* _DATA FOR THIS EXERCISE_
· · ·

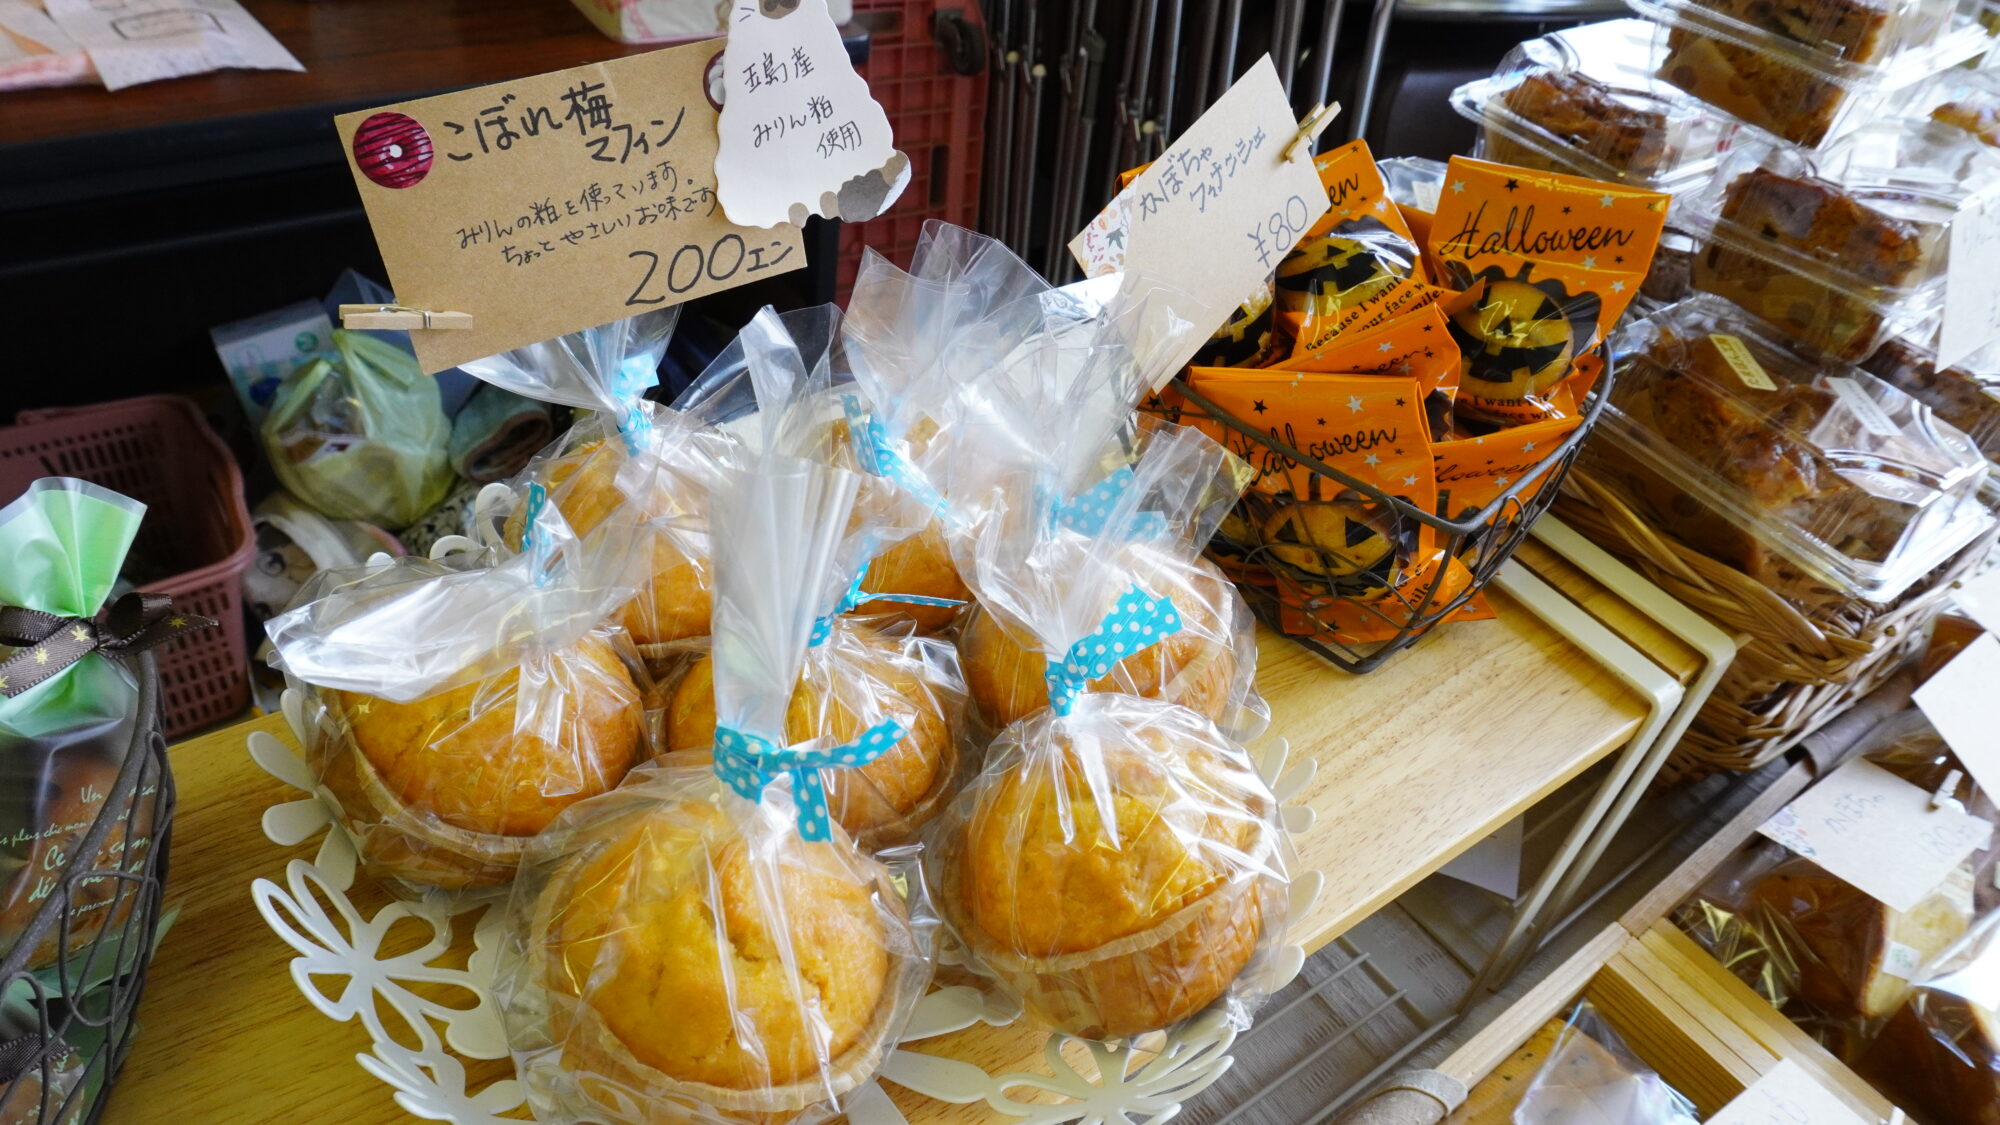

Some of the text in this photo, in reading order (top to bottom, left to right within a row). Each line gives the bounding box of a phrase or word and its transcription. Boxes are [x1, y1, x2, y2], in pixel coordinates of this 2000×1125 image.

[443, 81, 613, 161] こぼれ梅
[585, 106, 685, 163] マフィン
[752, 95, 834, 148] みりん粕
[816, 120, 862, 159] 使用
[1138, 145, 1213, 221] かぼちゃ
[1247, 195, 1308, 268] ¥80
[1438, 200, 1635, 260] Halloween
[1369, 276, 1402, 306] want
[1384, 289, 1413, 315] face
[1406, 289, 1445, 314] mile.
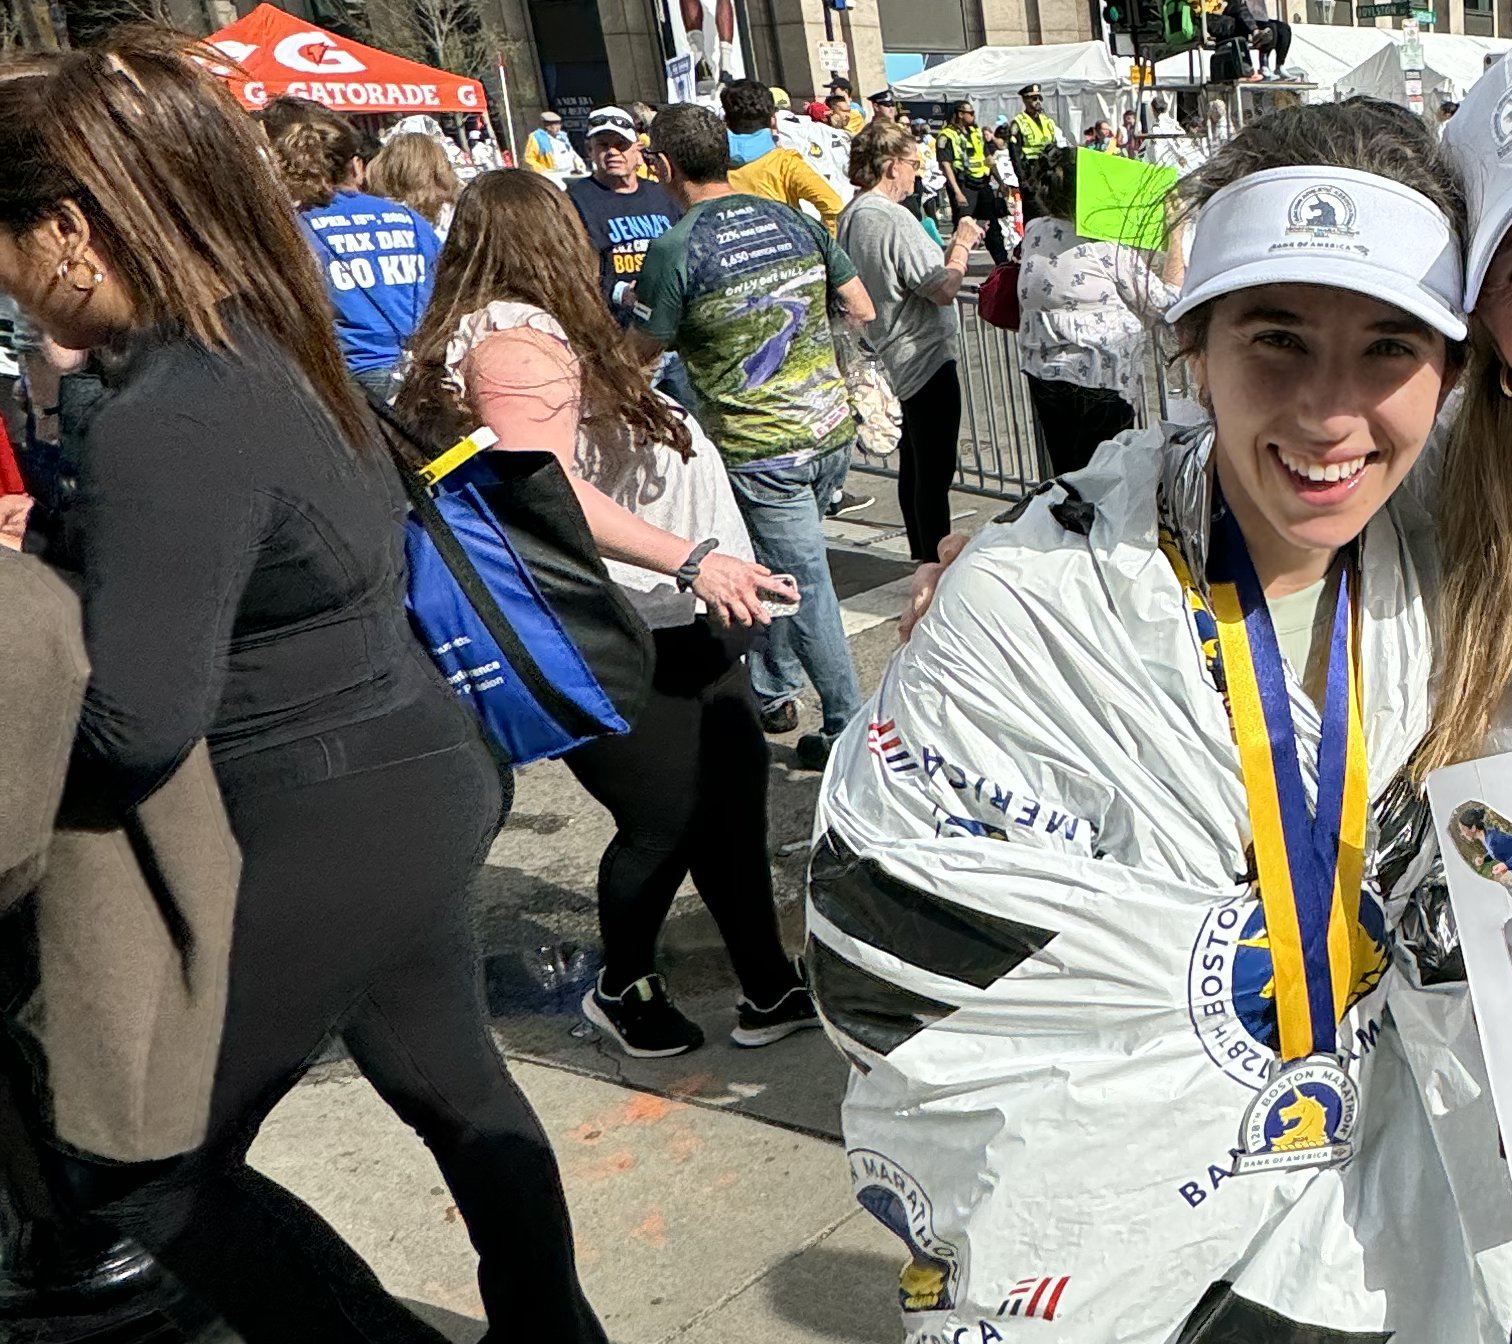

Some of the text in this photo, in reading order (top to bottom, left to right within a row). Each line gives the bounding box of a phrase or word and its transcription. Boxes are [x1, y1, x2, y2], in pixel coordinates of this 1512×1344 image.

[273, 31, 368, 74] G
[287, 82, 440, 105] GATORADE
[457, 85, 478, 106] G
[310, 215, 351, 231] APRIL
[327, 230, 416, 254] TAX DAY
[716, 229, 741, 245] 22%
[1311, 242, 1351, 251] AMERICA
[720, 251, 749, 268] 4,650
[330, 257, 376, 291] GO
[725, 278, 758, 297] ONLY
[1261, 1070, 1314, 1108] BOSTON
[1321, 1070, 1355, 1134] MARATHON
[1243, 1158, 1270, 1168] BANK
[1286, 1151, 1328, 1162] AMERICA
[861, 1156, 959, 1283] MARATHON
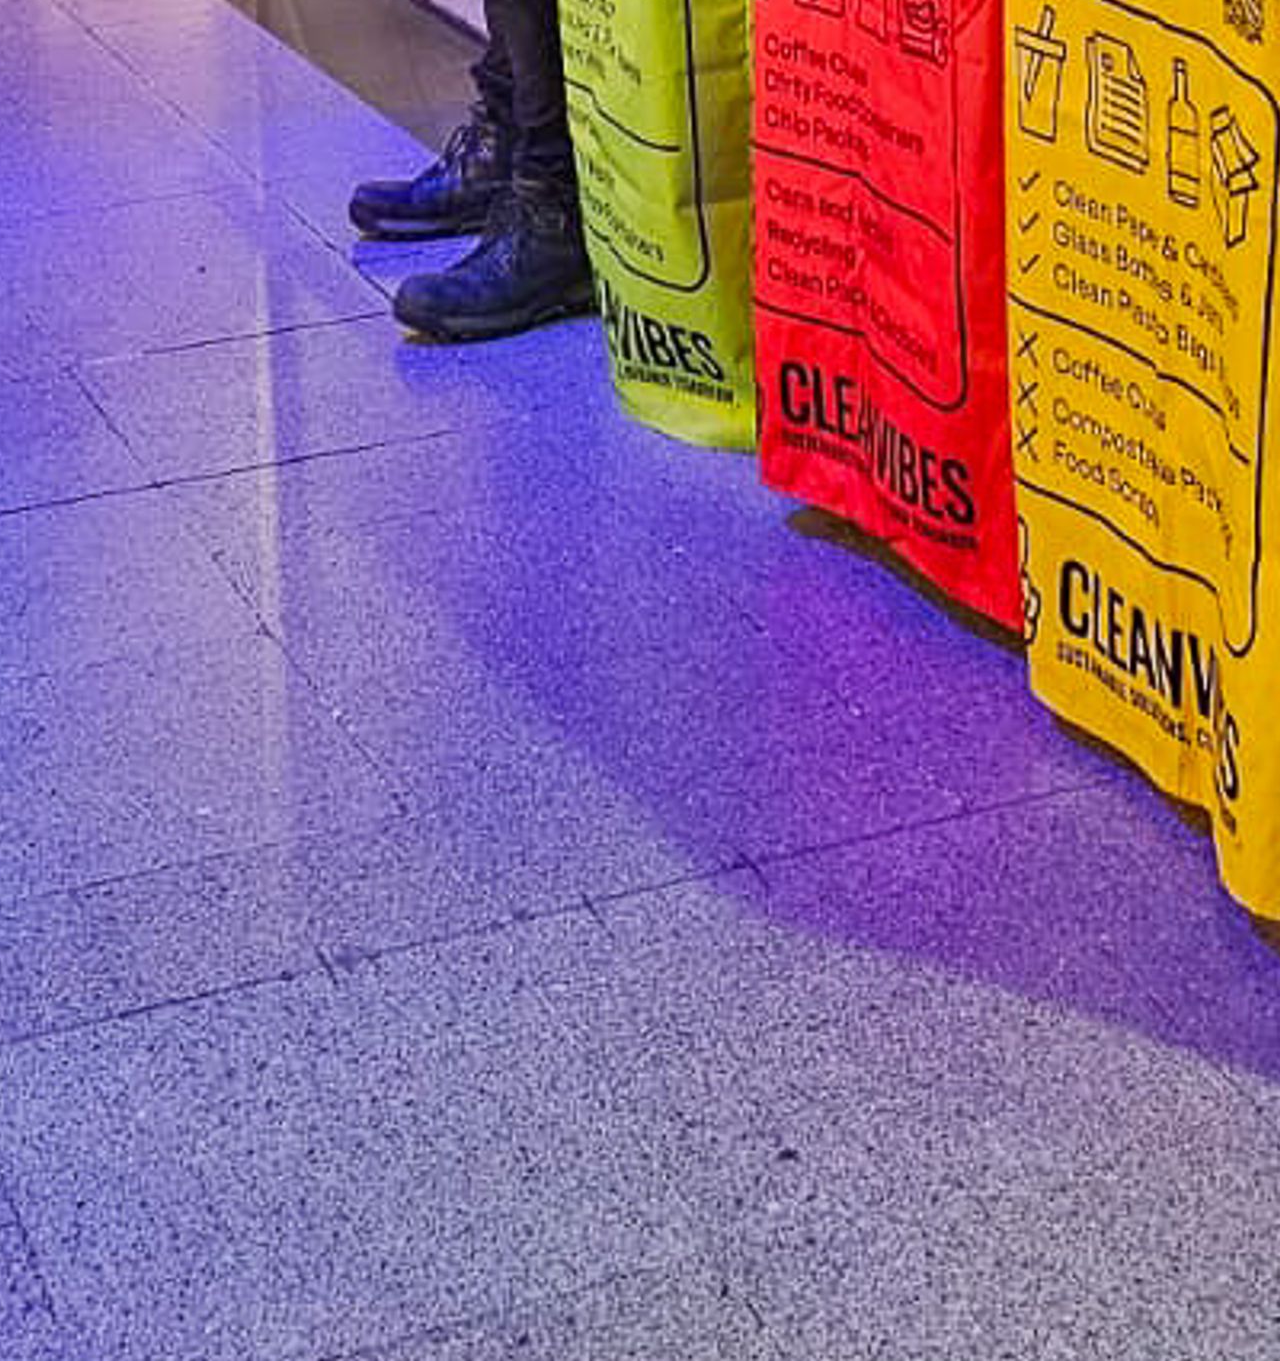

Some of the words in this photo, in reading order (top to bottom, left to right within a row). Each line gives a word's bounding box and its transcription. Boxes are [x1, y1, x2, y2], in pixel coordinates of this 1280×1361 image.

· · ·

* _WHAT IS NEEDED_
The answer must consist solely of the lines from the one with "this 1512×1344 image." through the final line of the data, each reproduced exactly and with pictures omitted.

* _RESPONSE_
Some of the text in this photo, in reading order (top to bottom, left to right within a row). Each line gives the bounding box of a phrase or word and its transcription. Boxes are [x1, y1, x2, y2], in pixel coordinates of this 1512×1344 image.

[273, 31, 368, 74] G
[287, 82, 440, 105] GATORADE
[457, 85, 478, 106] G
[310, 215, 351, 231] APRIL
[327, 230, 416, 254] TAX DAY
[716, 229, 741, 245] 22%
[1311, 242, 1351, 251] AMERICA
[720, 251, 749, 268] 4,650
[330, 257, 376, 291] GO
[725, 278, 758, 297] ONLY
[1261, 1070, 1314, 1108] BOSTON
[1321, 1070, 1355, 1134] MARATHON
[1243, 1158, 1270, 1168] BANK
[1286, 1151, 1328, 1162] AMERICA
[861, 1156, 959, 1283] MARATHON

Some of the words in this photo, in reading order (top to bottom, left to right within a row). Each line gives a word's bounding box and its transcription. Boxes are [x1, y1, x2, y2], in pixel coordinates of this 1280×1361 image.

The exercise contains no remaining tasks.